«Occorre istituire in Campania un Tavolo tecnico regionale che veda la partecipazione di medici chirurghi e medici veterinari».
Lo chiede l'Ordine dei Medici Veterinari di Napoli con un appello sottoscritto congiuntamente all'Ordine dei Medici del capoluogo campano. I rispettivi Presidenti, Benedetto Neola e Bruno Zuccarelli si rivolgono al Presidente della Regione Campania Roberto Fico, chiedendo "un coordinamento stabile su prevenzione, sorveglianza e risposta alle emergenze che intrecciano salute umana, animale e ambientale".

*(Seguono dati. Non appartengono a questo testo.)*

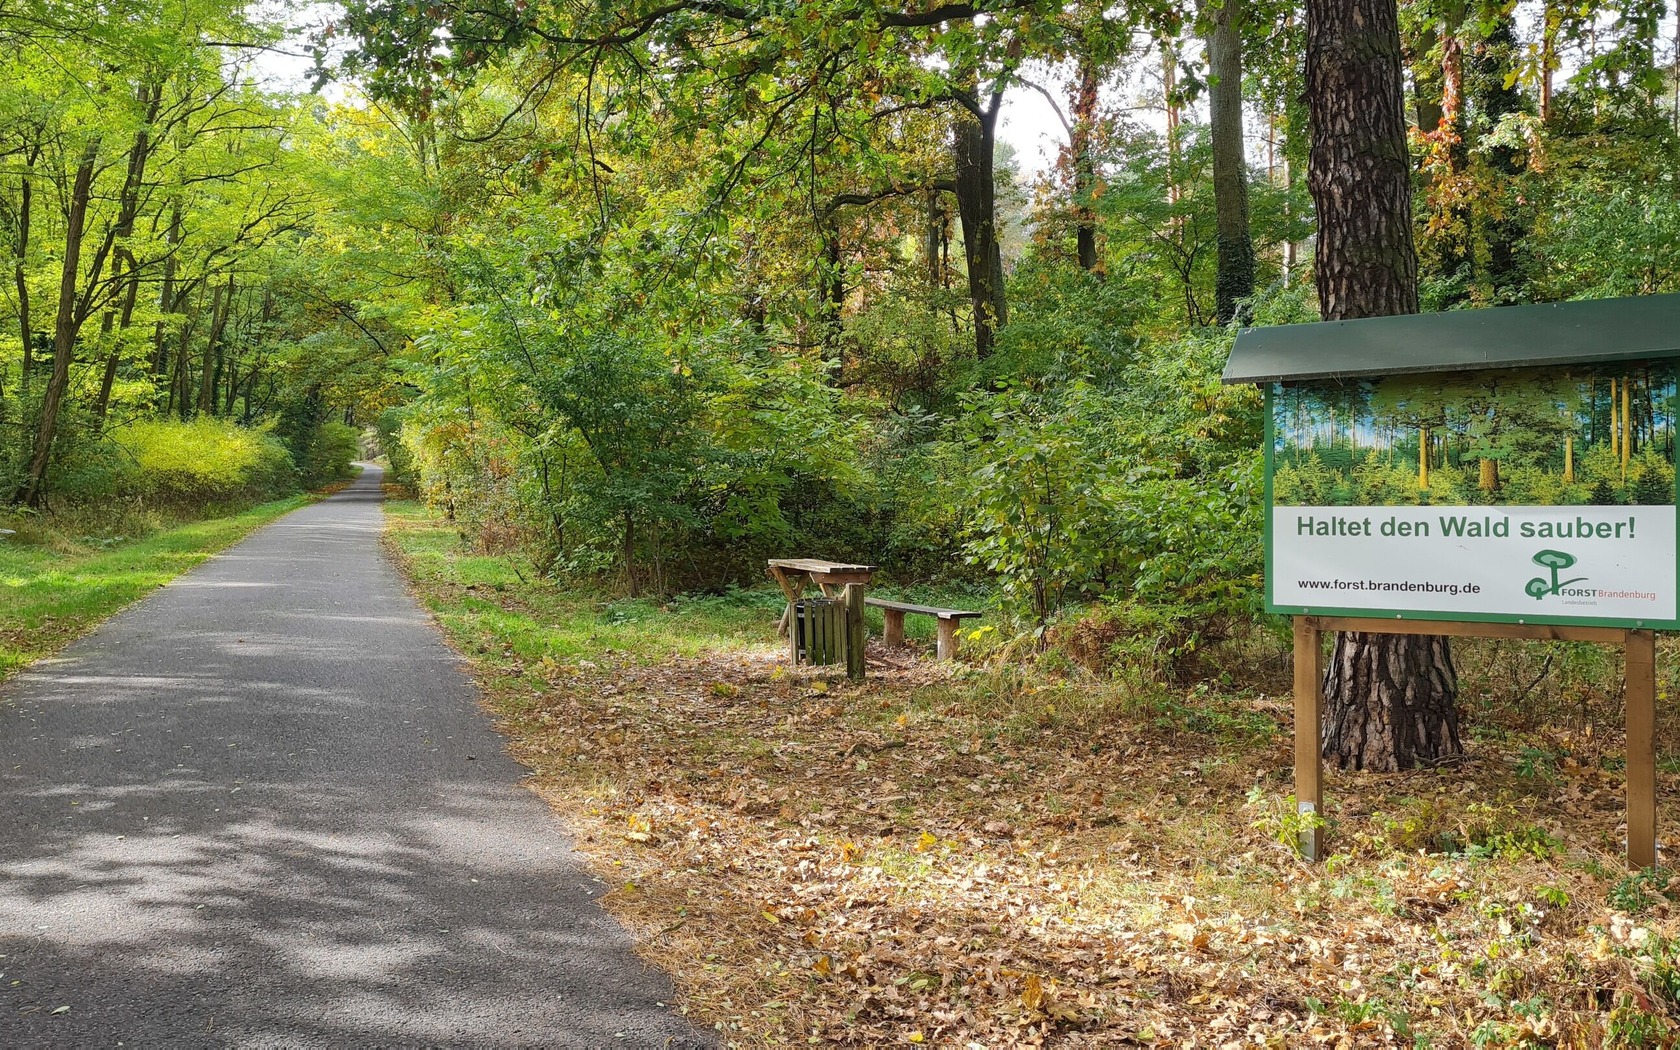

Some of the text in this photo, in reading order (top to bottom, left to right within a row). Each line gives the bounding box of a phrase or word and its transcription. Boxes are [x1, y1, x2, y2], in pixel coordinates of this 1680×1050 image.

[1296, 516, 1636, 539] Haltet den Wald sauber!
[1298, 578, 1481, 595] www.forst.brandenburg.de
[1562, 588, 1656, 601] FORST Brandenburg

Protocollo d’intesa tra i due Ordini - Veterinari e Medici hanno adottato un documento di intesa che traduce sul territorio il paradigma One Health: "non tre mondi separati, ma un unico sistema interdipendente in cui ciò che accade negli allevamenti, negli ecosistemi e nelle città può ricadere direttamente sulla salute delle persone"- riferiscono in un comunicato. Dalle zoonosi agli effetti del cambiamento climatico, fino a sicurezza alimentare e antibiotico-resistenza, l’accordo punta a rafforzare la prevenzione come primo presidio di salute pubblica e a rendere più efficaci i percorsi di tutela e cura "attraverso una collaborazione strutturata tra professioni sanitarie che, oggi, non possono più lavorare “a compartimenti”.

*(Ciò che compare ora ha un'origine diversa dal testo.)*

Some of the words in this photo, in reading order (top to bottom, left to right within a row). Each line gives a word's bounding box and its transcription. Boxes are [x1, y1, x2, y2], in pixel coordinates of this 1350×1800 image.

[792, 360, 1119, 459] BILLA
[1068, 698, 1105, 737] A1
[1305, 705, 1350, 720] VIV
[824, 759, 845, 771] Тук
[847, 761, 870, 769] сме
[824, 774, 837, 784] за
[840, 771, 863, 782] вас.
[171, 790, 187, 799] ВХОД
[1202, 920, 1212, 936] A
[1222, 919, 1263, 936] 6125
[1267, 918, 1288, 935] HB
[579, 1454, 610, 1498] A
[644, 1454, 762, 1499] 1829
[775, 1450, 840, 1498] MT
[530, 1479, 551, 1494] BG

Terra dei Fuochi- In Campania, le aree più esposte a pressione ambientale, come quelle riconducibili alla Terra dei Fuochi, "impongono risposte integrate- affermano gli Ordini- quando si verificano eventi o si accendono allarmi: monitoraggi, campionamenti, valutazioni del rischio e indicazioni operative devono parlare un’unica lingua, perché ambiente, produzioni agro-zootecniche e salute delle persone sono anelli della stessa catena".

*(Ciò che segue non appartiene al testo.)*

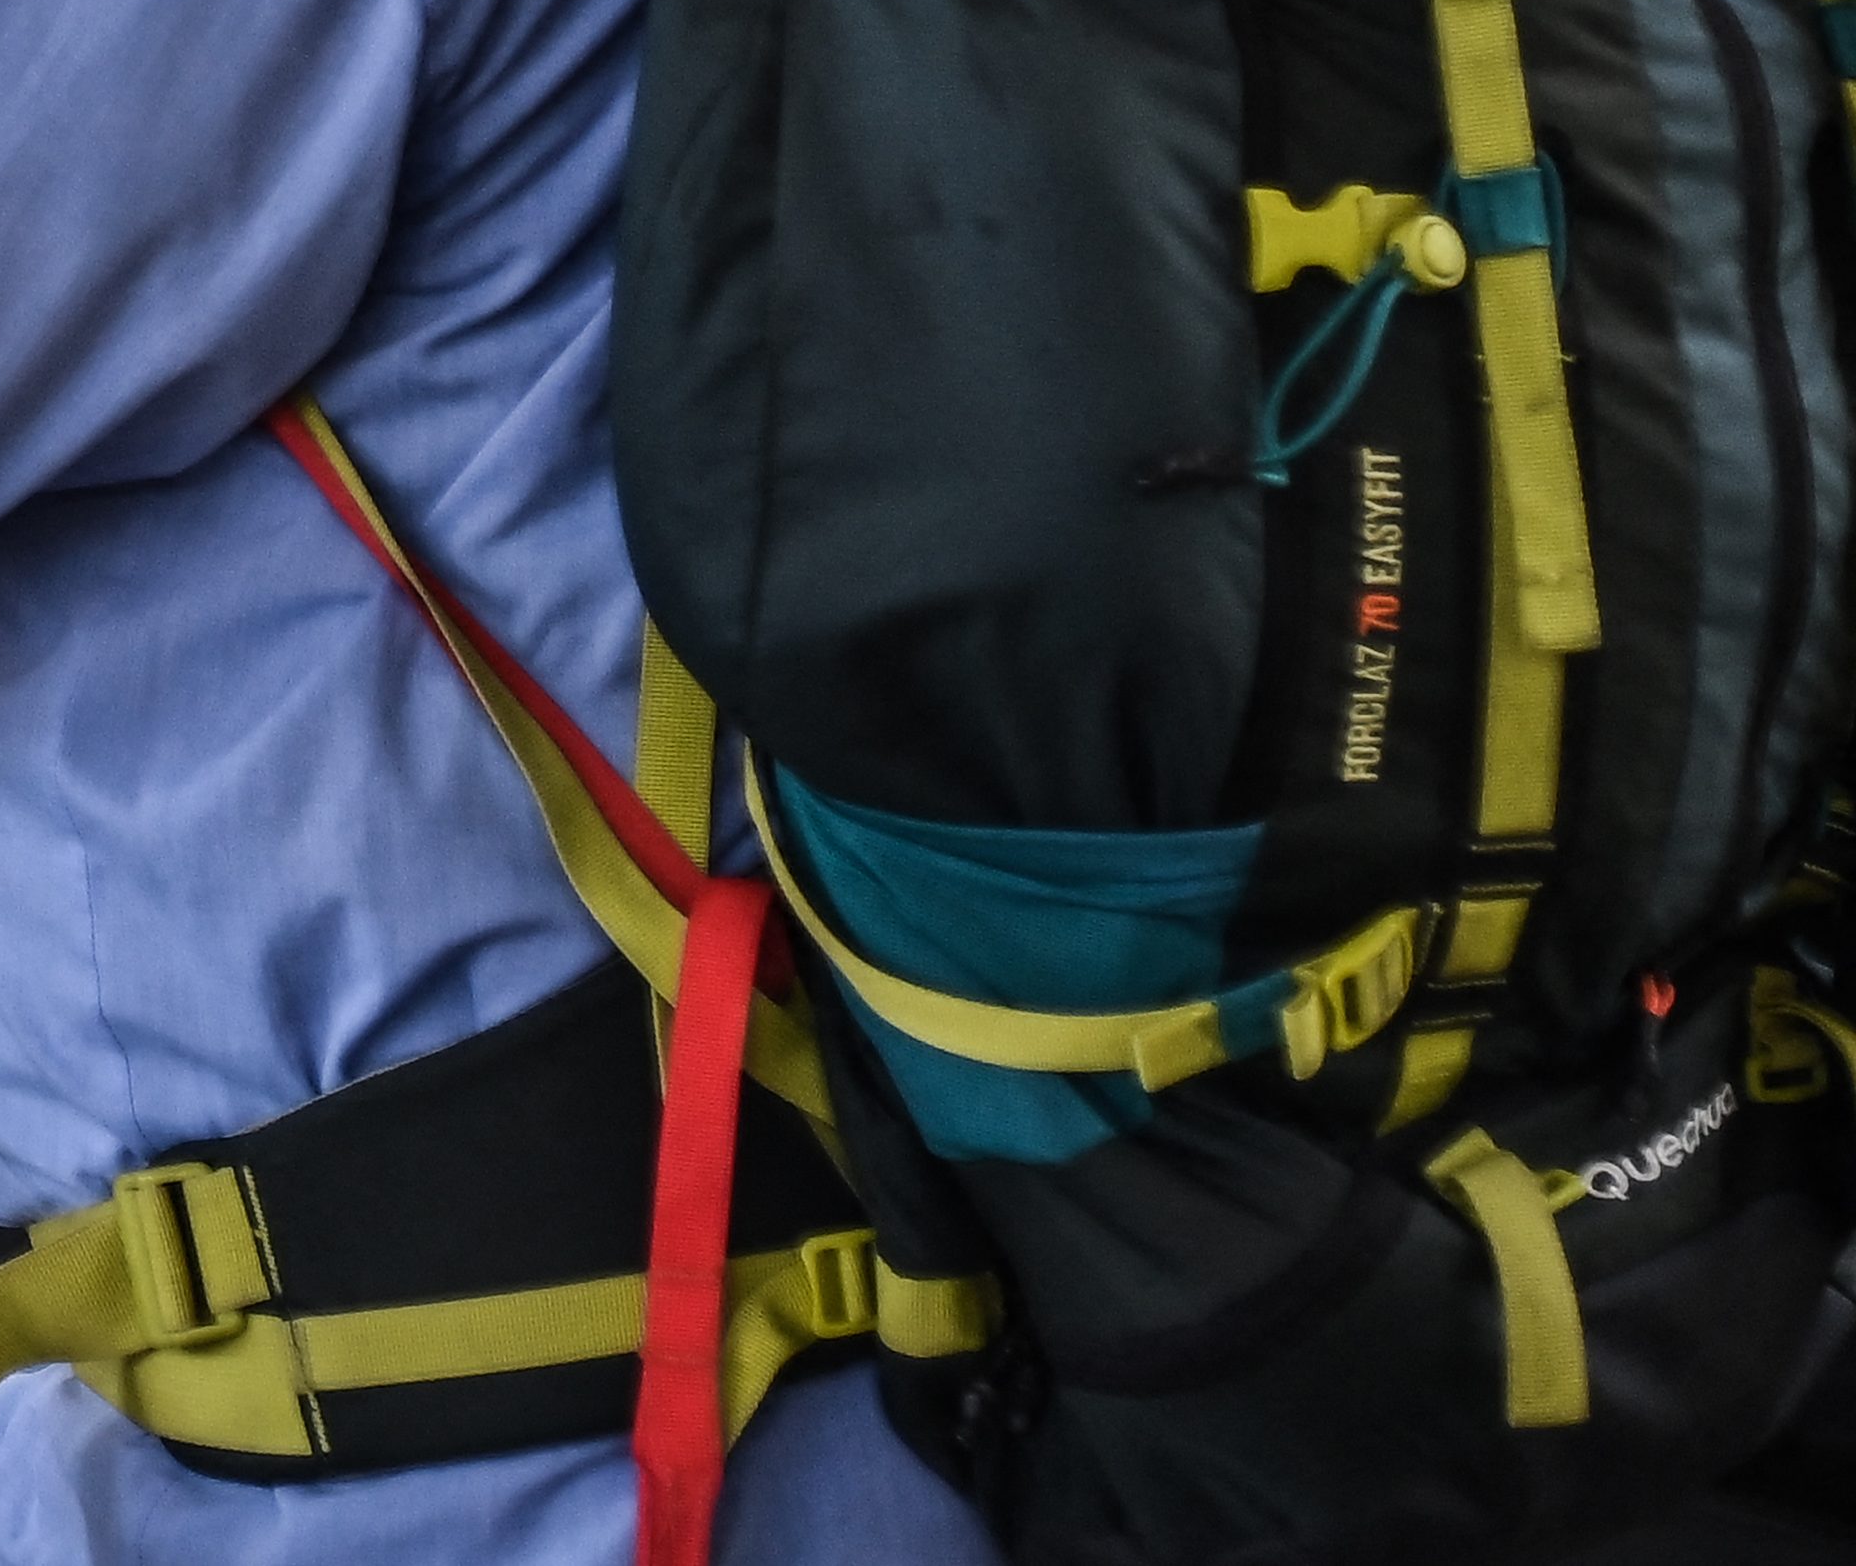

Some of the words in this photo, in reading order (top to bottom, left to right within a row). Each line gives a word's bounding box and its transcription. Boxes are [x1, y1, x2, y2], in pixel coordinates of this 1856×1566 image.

[1361, 447, 1404, 585] EASYFIT
[1359, 593, 1401, 636] 70
[1342, 643, 1396, 782] FORCLAZ

L'appello al Presidente Fico- Il passaggio chiave è di tipo politico istituzionale: il Tavolo tecnico regionale richiesto al Presidente della Regione Roberto Fico dovrebbe diventare lo strumento operativo per trasformare l’approccio One Health in procedure condivise, priorità comuni e iniziative misurabili sul territorio, in coerenza con l’impianto nazionale e con i protocolli già promossi a livello federativo sul tema"- dichiarano Neola e Zuccarelli.